Originally, I had chosen to delete the figure standing in the large dark space, but when I saw it on the wall, I knew he needed to rejoin the party.  When I added him, I made his features vague and used a very narrow range of value.  This served to push him farther into the shadows and create a third plane within the composition: bikers in the foreground, onlookers on the sidewalk, and this guy in the background. I also raised him up just a bit so that he sits on a tangent in line with other figures in the piece. He will  become the top of a triangular shape within the piece. I pinned the string across the design wall to show this.

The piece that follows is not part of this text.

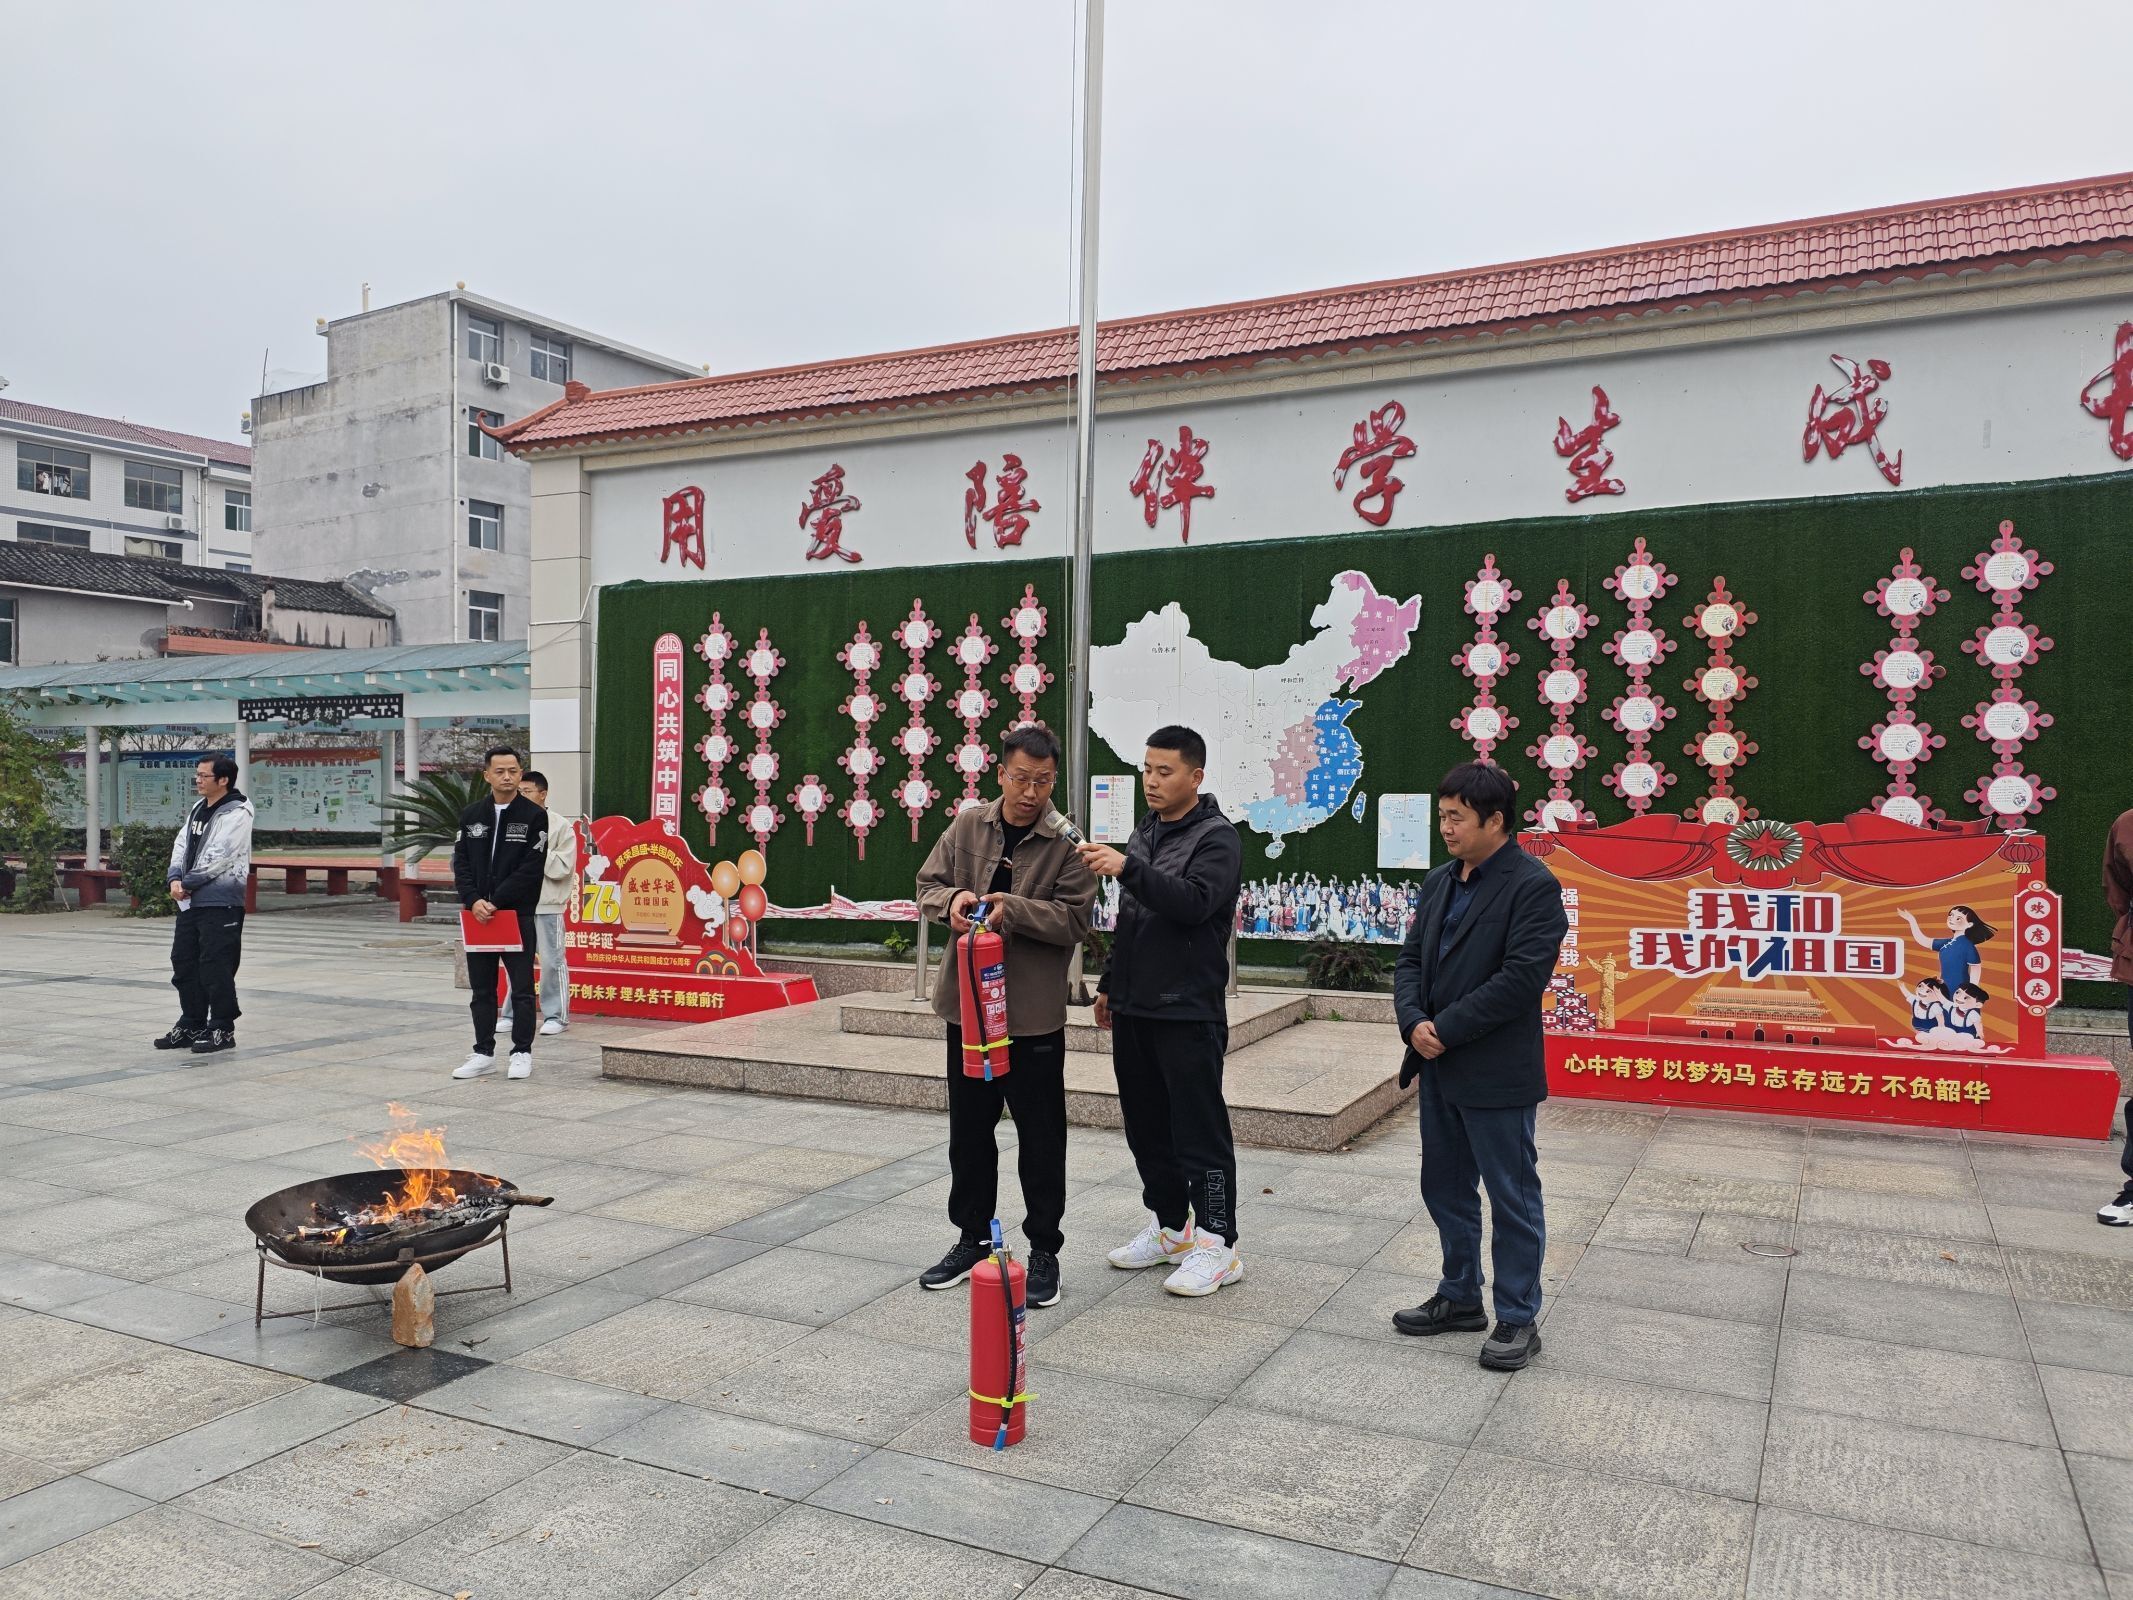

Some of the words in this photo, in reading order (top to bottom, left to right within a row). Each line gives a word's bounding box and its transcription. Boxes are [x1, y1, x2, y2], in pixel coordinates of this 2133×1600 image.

Next, I realized that the top of the piece has reached the approximate 2/3 mark.  This got me thinking about the golden mean and how it can be used to create a pleasing composition.  The golden mean refers to a ratio of  3/8 or 5/8, but many people use thirds, because its easier.  If you don’t know about it, it’s worth a google search.  I placed pins at the corners and at the 1/3 marks along the edges and then wrapped string around the pins to create lines joining each of the points.  Placing objects along these lines helps to create a pleasing composition and can be used to guide the eye around and through the piece.  Also, the places where these lines cross could be considered power points.  It was exciting for me to see how often these lines were working with my composition.

So many connections!

 Here are some things to note:

  • the first line crosses the eyes of the man in shadow, then the face of the man behind the bike, grazes the top hat of biker #2, runs along the hat shadow of biker #1, and then connects to the hands of the man inside the window and the man in the red vest.
  • biker #1 is centered within a triangle  created under the 1/3 point and his elbows fall at a power point
  • the face of biker #2 falls at a power point, and so will the face of #3.
  • The tangent that falls through the face of biker #2, hits both elbows of biker #1 before grazing the handlebar and the toe of the red vest guy.
  • The tangent that will cross the hat of biker #3, also flows along the leg of biker #1 and near the bend in the fork of the bike.

I’ve got to take the lines down now so that I can fuse more fabric, but I’ll put them up again when it all comes together.